Susceptibility of mice deficient in CD1D or TAP1 to infection with Mycobacterium tuberculosis

Abstract

Cellular immunity against Mycobacterium tuberculosis controls infection in the majority of infected humans. Studies in mice have delineated an important role for CD4(+) T cells and cytokines including interferon gamma and tumor necrosis factor alpha in the response to infection with mycobacteria. Recently, the identification of CD8(+) CD1-restricted T cells that kill M. tuberculosis organisms via granulysin and the rapid death after infection of beta2 microglobulin deficient mice in humans has drawn attention to a critical role for CD8(+) T cells. The nature of mycobacterial-specific CD8(+) T cells has been an enigma because few have been identified in any species. Here, we delineate the contribution of class I MHC-restricted T cells in the defense against tuberculosis as transporter associated with antigen processing (TAP)1-deficient mice died rapidly, bore a greater bacterial burden, and had more severe tissue pathology than control mice. In contrast, CD1D-/- mice were not significantly different in their susceptibility to infection than control mice. This data demonstrates a critical role for TAP-dependent peptide antigen presentation and provides further evidence that class I MHC-restricted CD8(+) T cells, the major T cell subset activated by this antigen processing pathway, play an essential role in immunity to tuberculosis.

Figure 1

Survival of CD1D^−/− mice after infection with M. tuberculosis. CD1D^−/− mice on a resistant genetic background (C57BL/6) (A) or a susceptible genetic background (BALB/c) (B) were inoculated with 10⁶ M. tuberculosis intravenously. Each group contained 12–13 mice and there were no statistically significant differences in survival of the CD1D^−/− mice compared with CD1D^+/+ mice using a Mann-Whitney test. A, P = 0.91; B, P = 0.95.

Figure 2

Peripheral blood CD8⁺ T cells in TAP1^−/− mice and controls after infection with M. tuberculosis. 5 wk after infection, blood was obtained and stained with a CD8-specific antibody. The percentage of CD8⁺ cells in peripheral blood lymphocytes was determined by flow cytometry for four mice/ group.
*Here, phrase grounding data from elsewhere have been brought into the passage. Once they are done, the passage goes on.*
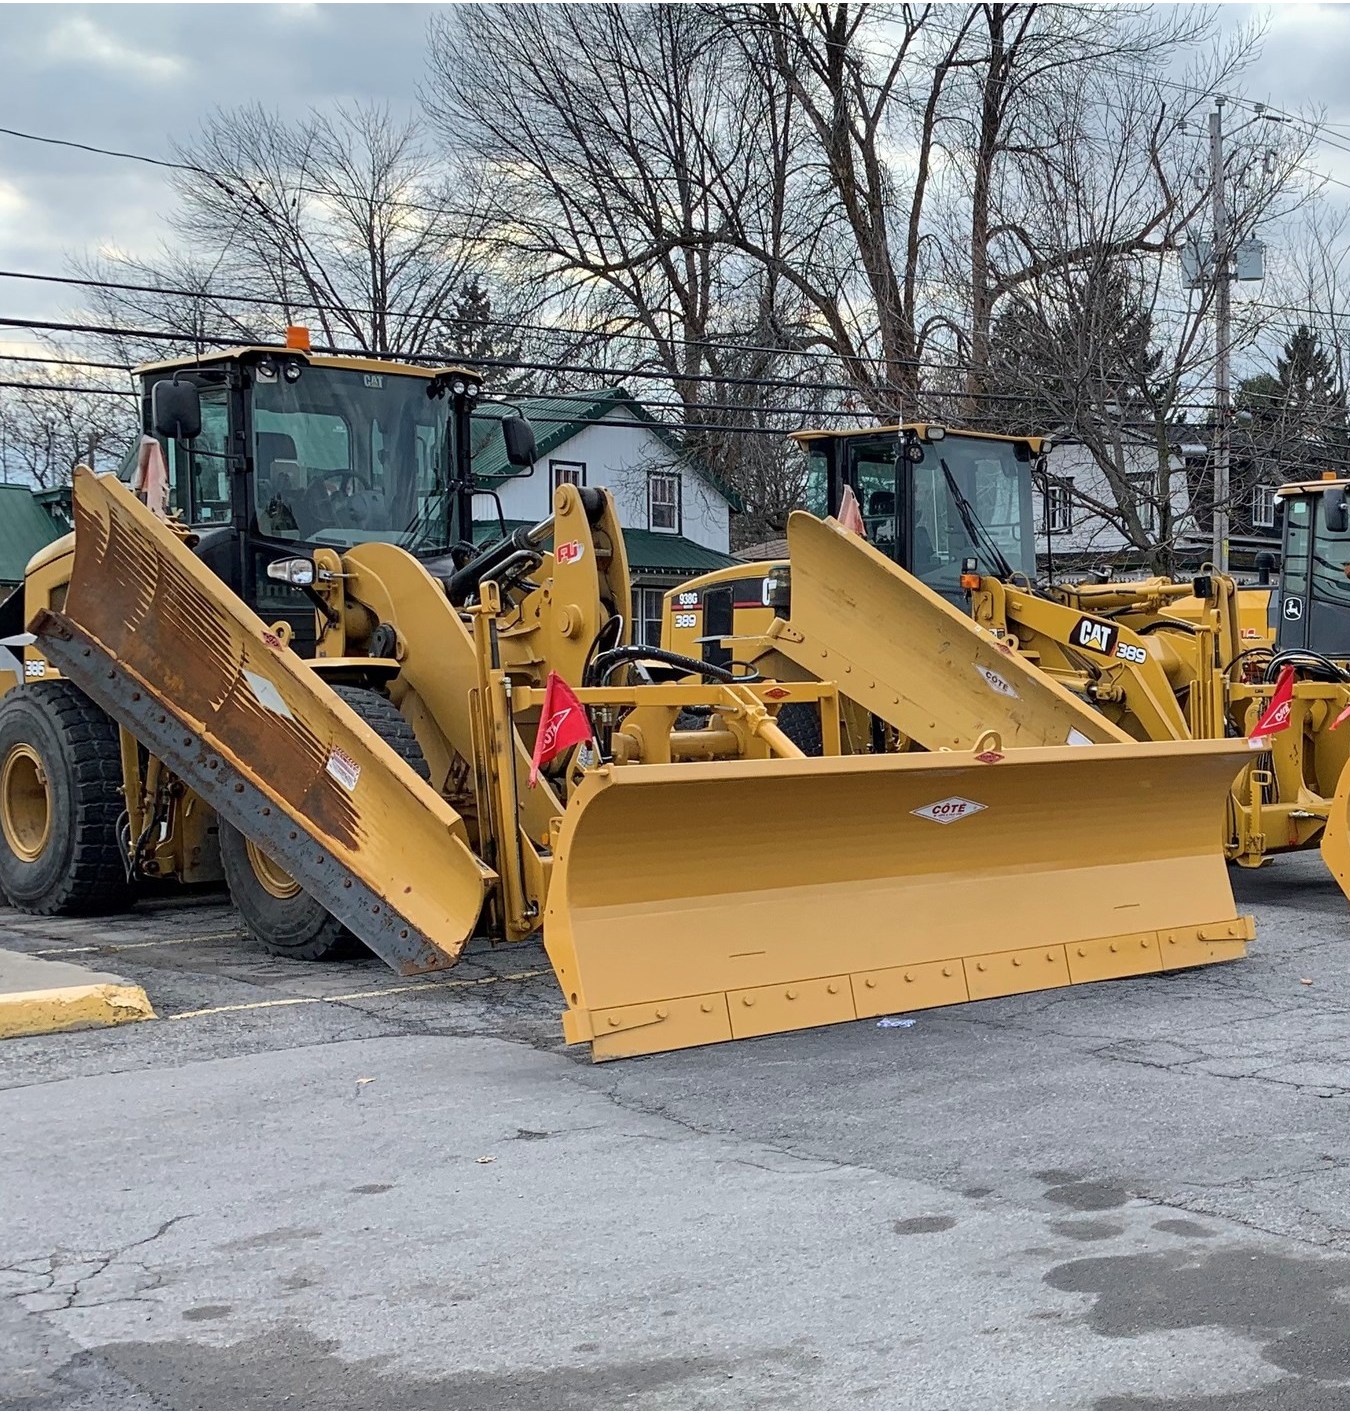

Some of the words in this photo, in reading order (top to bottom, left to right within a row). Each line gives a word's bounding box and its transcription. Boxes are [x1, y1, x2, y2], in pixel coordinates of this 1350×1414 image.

[363, 374, 384, 388] CAT
[675, 614, 697, 628] 389
[1079, 619, 1112, 652] CAT
[1116, 642, 1147, 664] 389
[932, 803, 968, 815] CÔTÉ
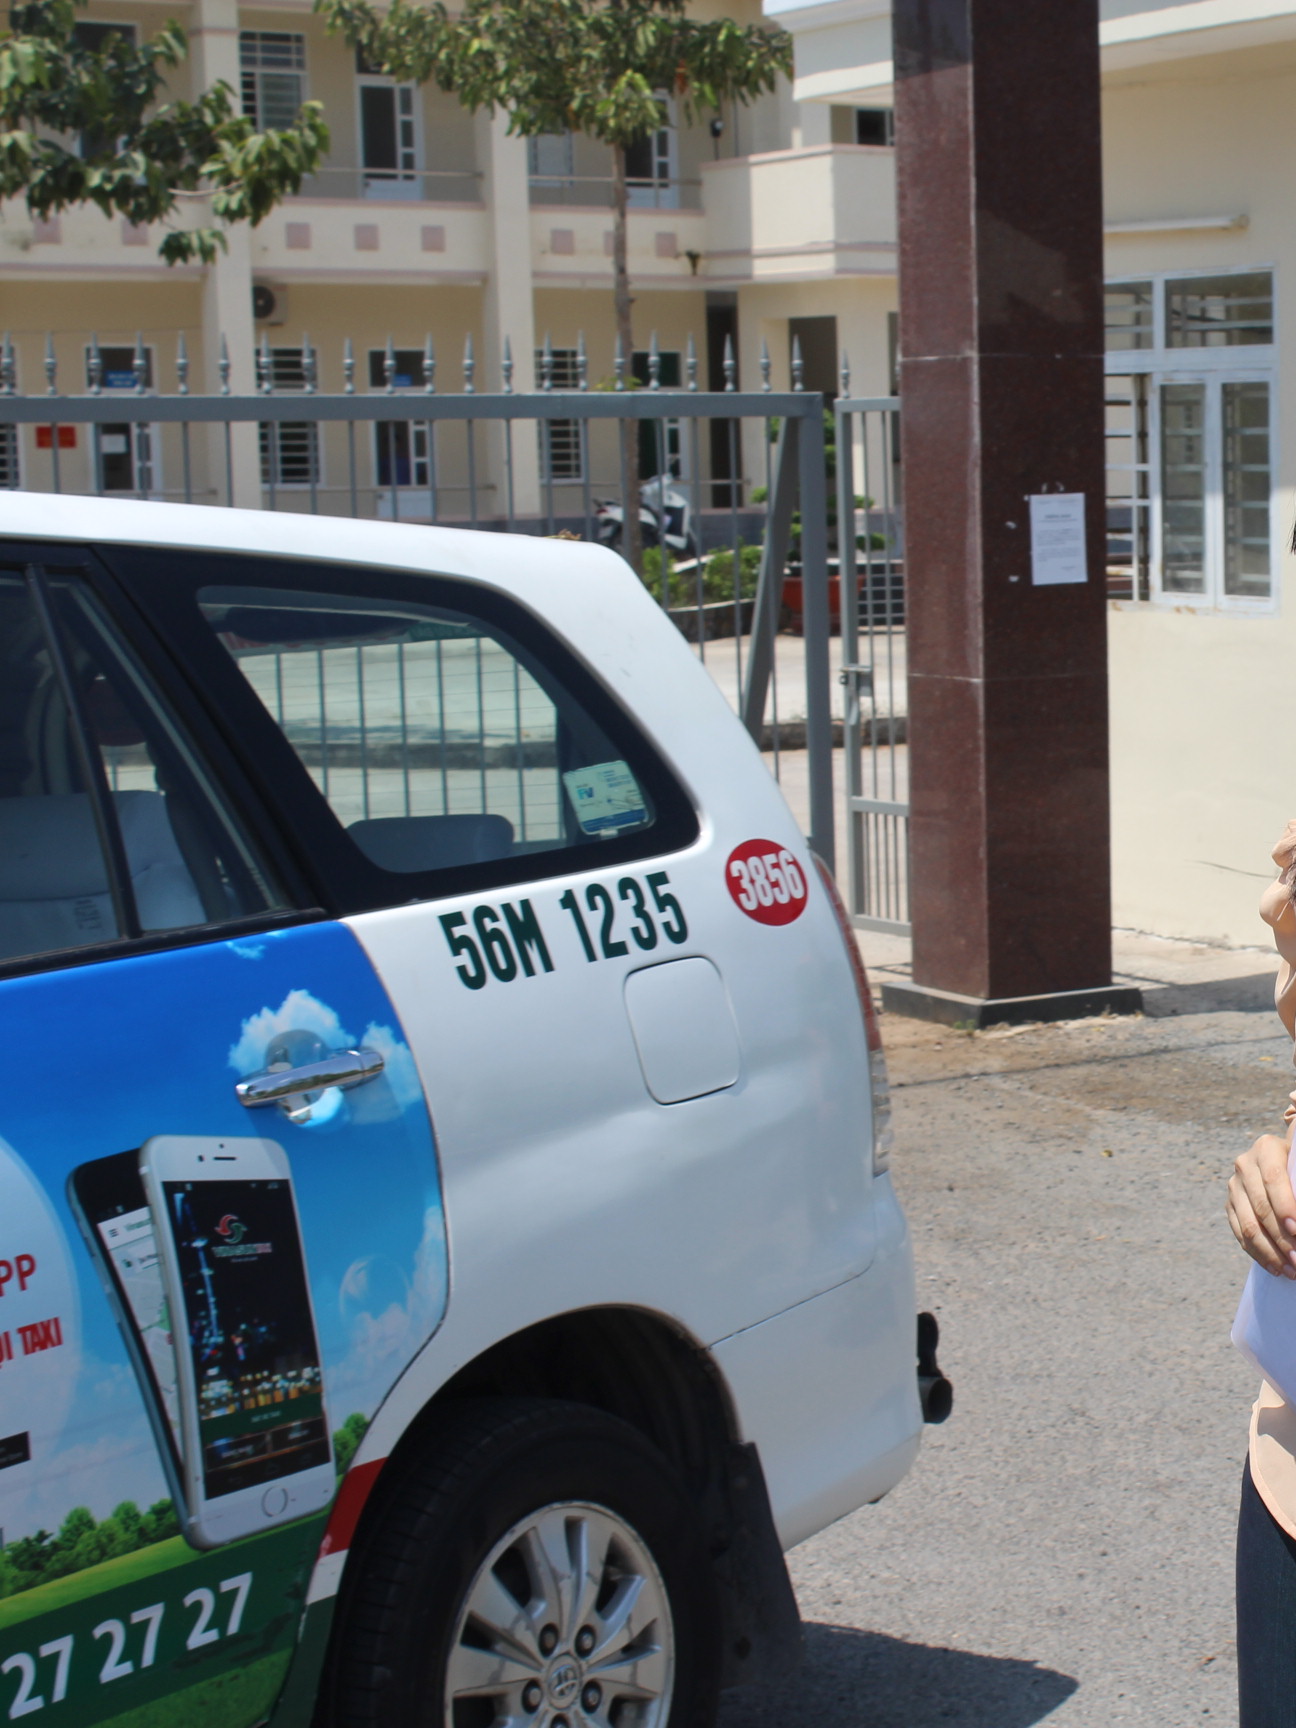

The bar represents the mean for each group. This difference was statistically significant using a Mann-Whitney test (P = 0.0022).

Figure 3

Survival of TAP1^−/− mice infected with M. tuberculosis. TAP1^−/− mice or controls were infected with 10⁶ M. tuberculosis intravenously. The data presented are from three separate experiments and represent a total of 42 mice in each group. The survival curves were generated using the Kaplan-Meier method and the difference is statistically significant with a P < 0.0001 by the log-rank test.

Figure 4

Survival of TAP1^−/− CD1^−/− mice infected with M. tuberculosis. CD1D^−/−TAP1^−/− or CD1D⁺TAP1^−/− littermate controls were infected with 10⁶ M. tuberculosis. There were no statistically significant differences in survival (P = 0.95).

Figure 5

Mycobacterial burden in TAP1^−/− and control mice after infection. The number of CFU recovered from the lung, spleen, and liver was determined at the time points indicated after intravenous infection with 10⁶ M. tuberculosis. The baseline mycobacterial inoculum was determined 24 h after infection. Each data point is the mean bacterial counts from three to five mice ± SEM.

Figure 6

Histopathology of the lung from TAP1^+/+ (A–D) and TAP1^−/− (E–H) mice after infection with M. tuberculosis. Mice were killed at the indicated times after infection, tissues were harvested, and formalin-fixed, paraffin-embedded sections were stained with Fite-Faraco stain for AFB or with the hematoxylin and eosin 1 d (B and F), 3 wk (A, C, E, and G), or 7 wk (D and H) after infection. Original magnification: A and E, ×2,000; B–D and F–H, ×300.